– Да, был.
Она уехала из Бейрута за два дня до того, как в казармы морских пехотинцев врезался грузовик, начиненный взрывчаткой. Единственной преградой для него были колючая проволока да часовые, которые, согласно пункту 4 условий пребывания миротворцев, не имели права находиться на посту с заряженным оружием. Впрочем, вряд ли это помогло бы им в той ситуации. Сила взрыва была такая, что здание взлетело на воздух и только потом обрушилось на землю. Те, кто не погиб под обломками, сгорели заживо. Именно тогда Дженн вывела для себя правило: жестокость события прямо пропорциональна тому, насколько часто используется слово «внезапно». Ее отец не мучился – это было ее единственное утешение. О ее матери даже этого нельзя было сказать…
Воспоминания о матери причиняли Дженн постоянную боль. Бетти Чарльз была маленькой практичной женщиной. После похорон мужа она направилась прямиком в винный магазин. Раньше она никогда не пила, а теперь остановила свой выбор на водке и старалась тщательно полоскать рот освежителем, чтобы скрыть запах, когда приходилось идти на дежурство. Иногда она била дочь, но не сильно. У Дженн был только один шрам, за ухом, но это стало результатом несчастного случая. По-настоящему она боялась только несколько раз. Главным образом когда по ночам доставали оружие. Мать разбирала и чистила его на кофейном столике, а телевизор при этом работал так громко, что Дженн приходилось в своей комнате закрывать голову подушкой, чтобы уснуть.
После катастрофы Дженн уехала жить к бабушке. Но постоянно держала язык за зубами.
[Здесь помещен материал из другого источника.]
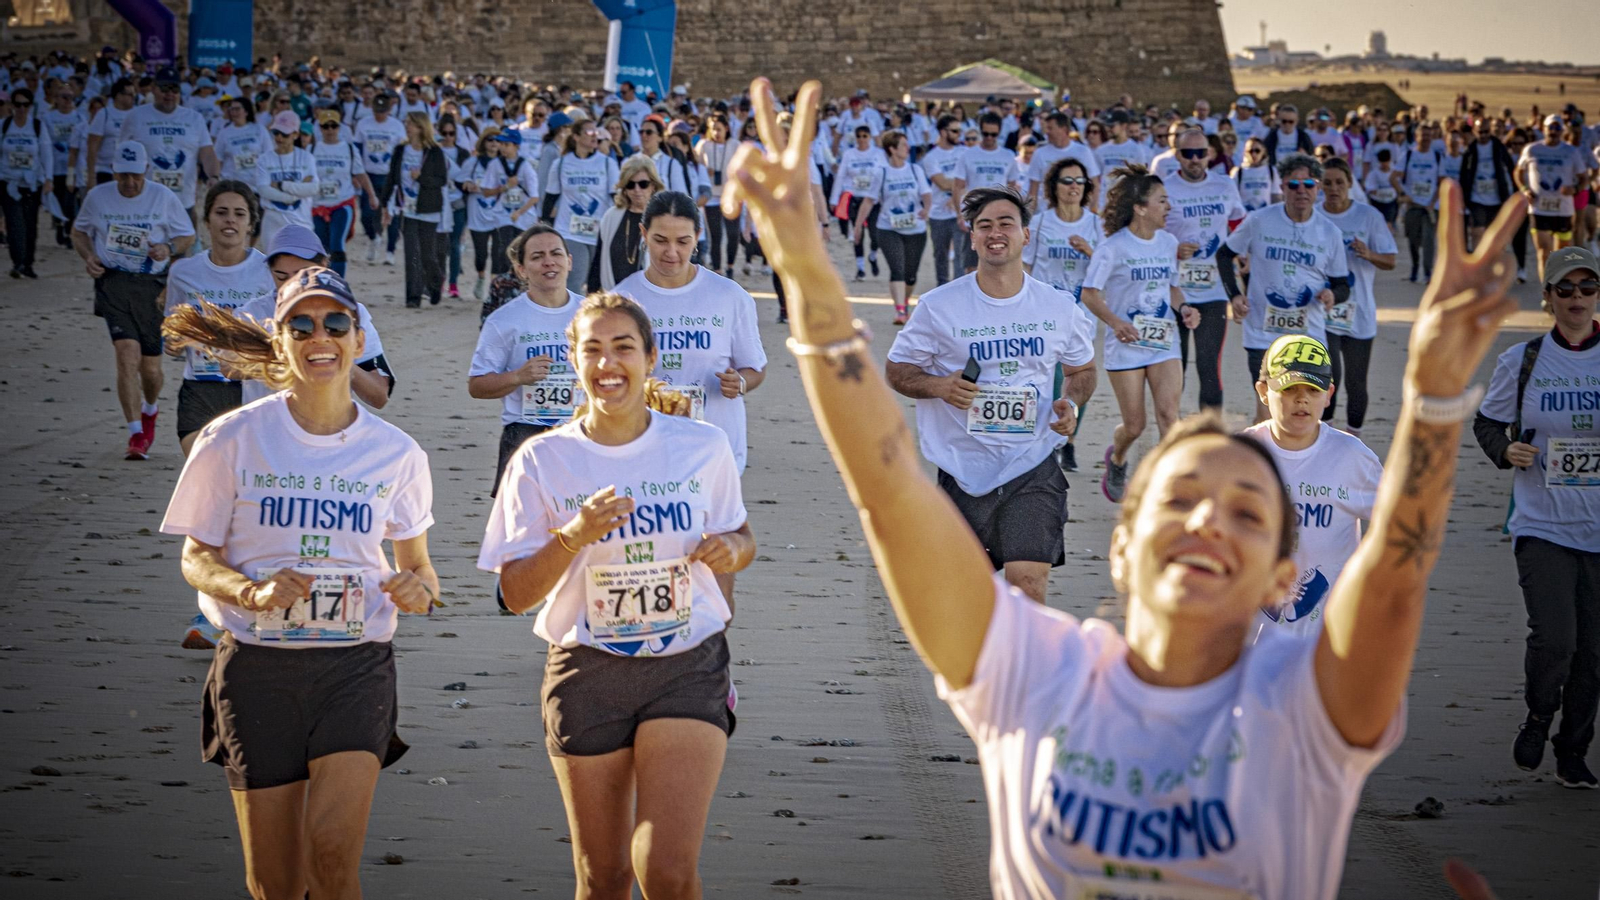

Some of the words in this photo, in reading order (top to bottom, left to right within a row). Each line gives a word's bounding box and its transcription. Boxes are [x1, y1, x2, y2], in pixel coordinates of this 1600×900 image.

[1183, 203, 1225, 218] AUTISMO
[115, 234, 141, 249] 448
[1265, 246, 1316, 267] AUTISMO
[1131, 266, 1170, 281] AUTISM
[1186, 270, 1211, 282] 132
[228, 288, 254, 300] favor
[669, 317, 674, 326] a
[679, 315, 707, 327] favor
[711, 314, 724, 327] del
[960, 325, 996, 337] marcha
[1001, 326, 1007, 335] a
[1012, 322, 1038, 333] favor
[1043, 320, 1057, 331] del
[520, 332, 549, 343] marcha
[554, 332, 559, 340] a
[655, 330, 711, 351] TISMO
[1141, 326, 1165, 340] 123
[526, 344, 569, 362] AUTIS
[969, 337, 1044, 361] AUTISMO
[1271, 341, 1325, 366] 46
[1534, 376, 1569, 388] marcha
[1575, 377, 1580, 387] a
[1585, 375, 1600, 387] fav
[535, 387, 571, 405] 349
[1541, 391, 1600, 412] AUTIS
[983, 400, 1024, 421] 806
[1562, 453, 1600, 473] 827
[242, 470, 246, 486] I
[254, 472, 305, 489] marcha
[314, 476, 322, 490] a
[330, 474, 369, 495] favor
[376, 481, 392, 498] del
[1298, 482, 1332, 497] favor
[1337, 484, 1350, 501] del
[553, 496, 560, 513] I
[641, 481, 682, 496] favor
[688, 477, 703, 494] del
[260, 496, 373, 533] AUTISMO
[599, 501, 692, 542] TISMO
[608, 584, 673, 617] 718
– Мне очень жаль, – сказал Гибсон.
– Почему ты называл ее «Медвежонком»?
Вон засмеялся и откусил пирог.
– Она очень любила обниматься. Обхватит руками и сжимает изо всех сил. Едва завидев моего отца, тут же бросалась к нему, а тот с притворным ужасом вопил: «Спасите меня от этих медвежьих объятий!» А еще она постоянно засыпала где-нибудь с книгой в руках… Впрочем, думаю, я единственный, кто называл ее «Медвежонком».
– Какой она была?
– Медвежонок? Она была моей сестрой. Ну, не то чтобы
– А когда она начала меняться?
– Не знаю. Я постепенно взрослел. Больше оставался дома в Шарлоттсвилле. Школа и прочее. Уверен, что поначалу я даже ничего не заметил, потому что она всегда была тихим ребенком. Даже не знаю, был ли у нее бойфренд. А потом, знаешь, мой отец… После этого я не видел Ломбардов. А через три месяца меня арестовали.
Гибсон положил вилку на стол и некоторое время смотрел на пирог.
– У меня есть вопрос, – вдруг сказал он. – Что ты знаешь о бейсболке? Помнишь, на записи из Бризвуда?
– О кепке? Не очень много. Ничего особенного, насколько я понимаю. Ее родители говорили, что у нее такой вещи никогда не было. Она терпеть не могла бейсбол, так что, как предполагается, купила ее где-то по дороге.
– Кто сказал, что она терпеть не могла бейсбол?
– Ее родители. Это имеется в материалах допросов, которые проводило ФБР.
– Серьезно? Это странно…
– Почему?
– Не знаю. Просто что-то с этой бейсболкой не дает мне покоя. Может, ничего особенного.